Von Vanessa Loewel | 06.09.2005
    Für eine 1771 geborene Beamtentochter genießt Josepha Henning eine ungewöhnlich freie Kindheit: Sie trägt Jungenkleidung und lernt für höhere Töchter so ungewöhnliche Dinge wie Reiten und Kutschfahren. Doch mit zehn Jahren muss Josepha die geliebten Hosen gegen Mädchenkleidung eintauschen: In einem Ursulinenkloster wird sie entsprechend des Bildungsideals des 18. Jahrhunderts erzogen - zu einer:

    "nützlichen, freundlichen, gehorsamen, gottesfürchtigen und uneigensinnigen Hausmutter."

    Das Bildungsziel scheint erreicht, als Josepha kurz vor ihrem 16. Geburtstag Frau eines Regierungsrates wird. Doch nur wenige Jahre nach der Heirat stirbt ihr Mann. Die junge Witwe verliebt sich in ihren Arzt, Damian von Siebold, und heiratet ein zweites Mal.

    Als Josepha von Siebold gehört sie nun einer bedeutenden Ärztefamilie an. Vater und Brüder ihres Ehemannes sind allesamt angesehene Professoren der Medizin. Nur Damian von Siebold ist ein einfacher Landphysikus und als Amtsarzt und Geburtshelfer reicht sein Lohn kaum aus, um die bald siebenköpfige Familie zu ernähren. Um das Familieneinkommen aufzubessern, beschließt Josepha von Siebold selbst Geburtshilfe zu studieren - ein erstaunlich modernes und wagemutiges Vorhaben zu einer Zeit, in der Frauen jeder Zugang zu höherer Bildung verschlossen ist. Die weibliche Unfähigkeit zum Studium gilt sogar als wissenschaftlich erwiesen.

    "Es fehlt dem weiblichen Geschlechte nach göttlicher und natürlicher Anordnung die Befähigung zur Pflege und Ausübung der Wissenschaften."

    Doch Josepha von Siebold lässt sich von Vorurteilen nicht aufhalten: Mit einer Ausnahmegenehmigung darf sie bei ihrem Schwager, Professor Elias von Siebold, in Würzburg studieren.

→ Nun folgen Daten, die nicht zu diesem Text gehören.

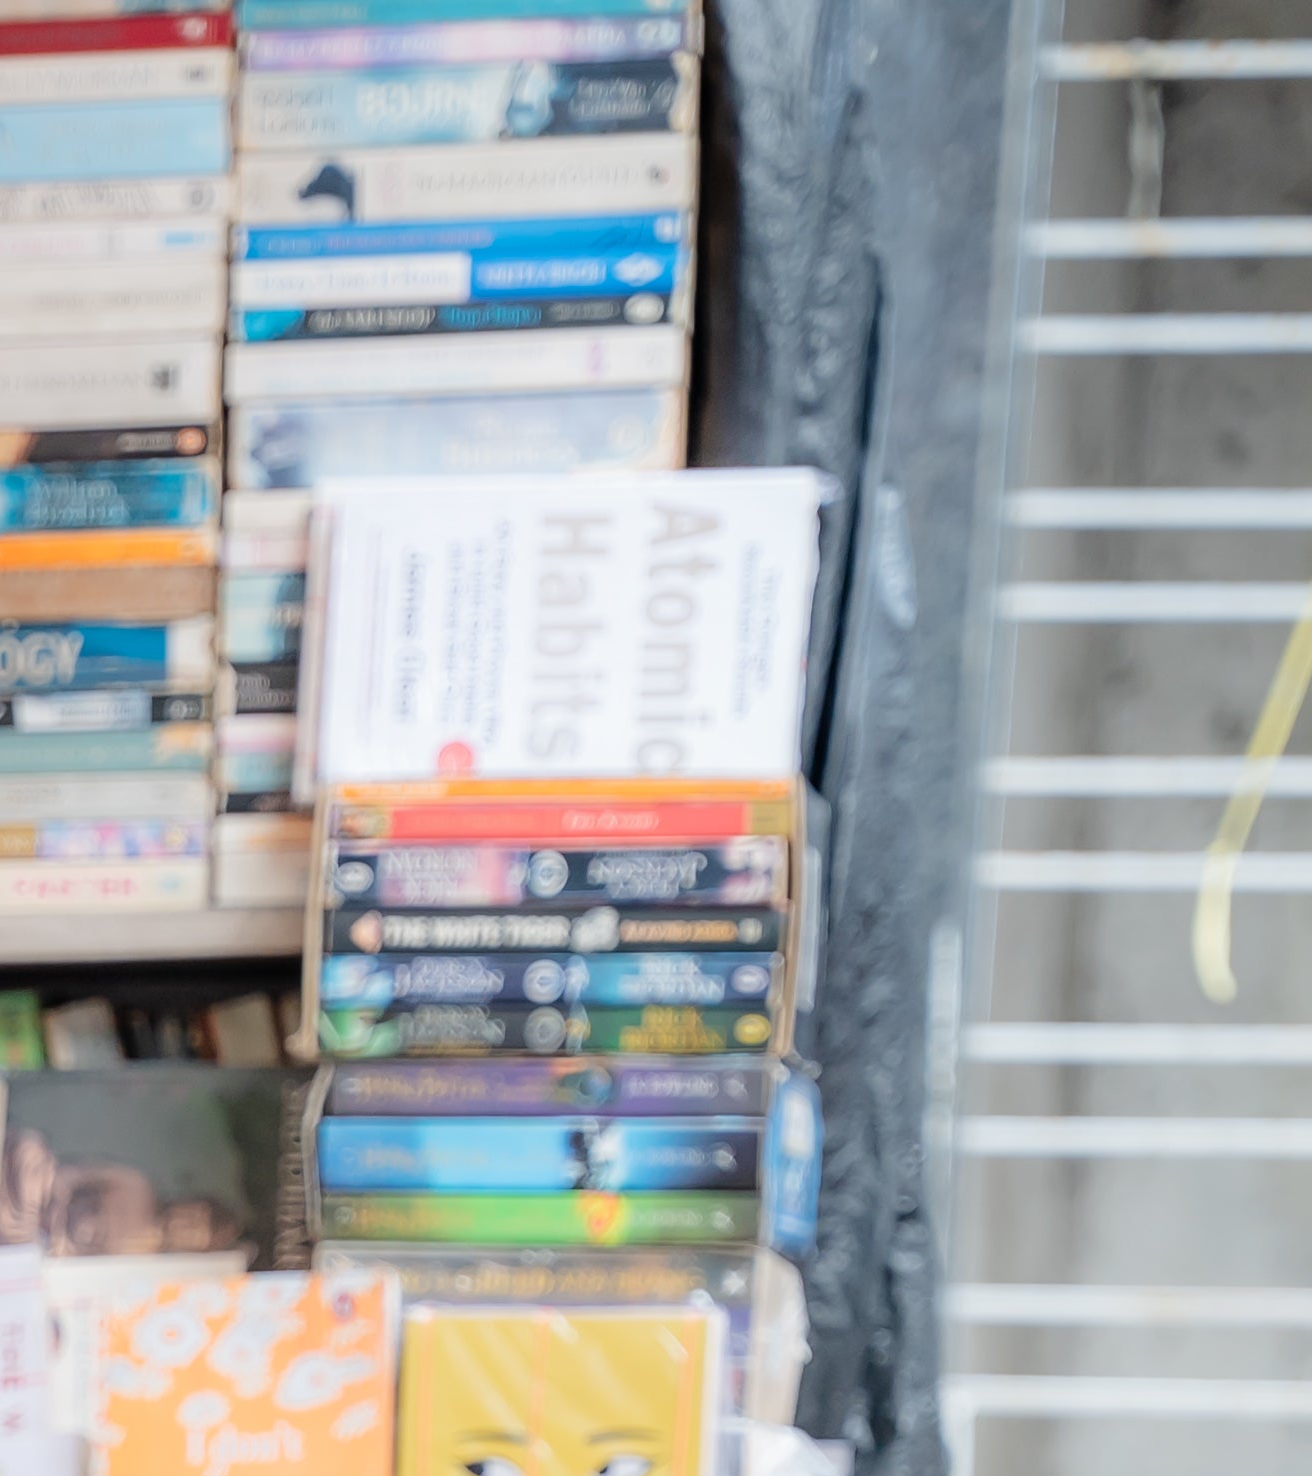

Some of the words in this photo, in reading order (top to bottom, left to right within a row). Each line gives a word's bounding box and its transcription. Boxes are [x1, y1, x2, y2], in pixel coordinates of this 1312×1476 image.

Hinter einem Vorhang vor den Blicken ihrer Mitstudenten verborgen, hört sie dessen Vorlesungen über Geburtshilfe - die Teilnahme an praktischen Übungen wird ihr jedoch verwehrt. Auch ihr Schwager ist davon überzeugt, dass die Unterweisung von Frauen in der Arztkunst nur dazu führe, "dass medizinische Pfuscherinnen gebildet würden."

    So setzt Josepha von Siebold ihre Ausbildung in der Praxis ihres Ehemanns fort, der anders als sein Bruder, das Talent seiner Frau nicht nur erkannt hat, sondern auch umfassend fördern will. Im November 1807 bittet sie schließlich um Zulassung zur Staatsprüfung:

    "Da ich mich oft zu überzeugen Gelegenheit hatte, dass eine widernatürliche Sterblichkeit des Menschengeschlechts durch Unwissenheit von Hebammen zu sehr befördert wird fasste ich, berücksichtigend, dass es hier zu Lande allgemein herrschende Gewohnheit ist, sich des weiblichen Geschlechts zur Hülfe bei Geburten zu bedienen, den Entschluss mich der Geburtshilfe zu widmen. Ich bitte demnach: Höchstdieselben wollen gnädigst verordnen, dass das Großherz. Medizinal-Kollegium meine Kenntnisse als Accoucheuse prüfen und mir nach Befund freie Ausübung meiner gründlich erlernten Kunst gestattet werde."


    Der Antrag hat Erfolg. Allerdings wird das Kollegium dazu angehalten, die Kandidatin - da es sich um eine Frau handelt - besonders streng zu prüfen. Vier Stunden lang muss die angehende Frauenärztin ihr Wissen in Theorie und Praxis unter Beweis stellen.

    "So lange das Collegium medicum existiert, erinnert es sich nicht, einen Kandidaten oder Doctor geprüft zu haben, der so fürtrefflich bestanden wäre."

    ...schreibt Damian von Siebold stolz über den Erfolg seiner Frau, die nun endlich praktizieren darf. Die geschickte Ärztin wird bald über die Grenzen Darmstadts hinaus zu Geburten gerufen: Viele Schwangere vertrauen sich ihr als Frau sehr viel lieber an als ihren männlichen Kollegen.
    Josepha von Siebolds Arbeit findet große Anerkennung: Am 6. September 1815 verleiht ihr die Universität Gießen die Ehrendoktorwürde. In der Geschichte der Medizin ist sie damit eine Pionierin - und eine Ausnahme, denn noch fast hundert Jahre lang schließen deutsche Universitäten Frauen vom Studium aus.

    Doch zumindest einer Frau bereitet sie den Weg: ihrer Tochter Charlotte, die zwei Jahre nach ihr promoviert. Gemeinsam arbeiten sie in Darmstadt und haben fürstliche Kundschaft. 1819 verhilft Charlotte von Siebold einer kleinen Victoria auf die Welt - der späteren Königin von England.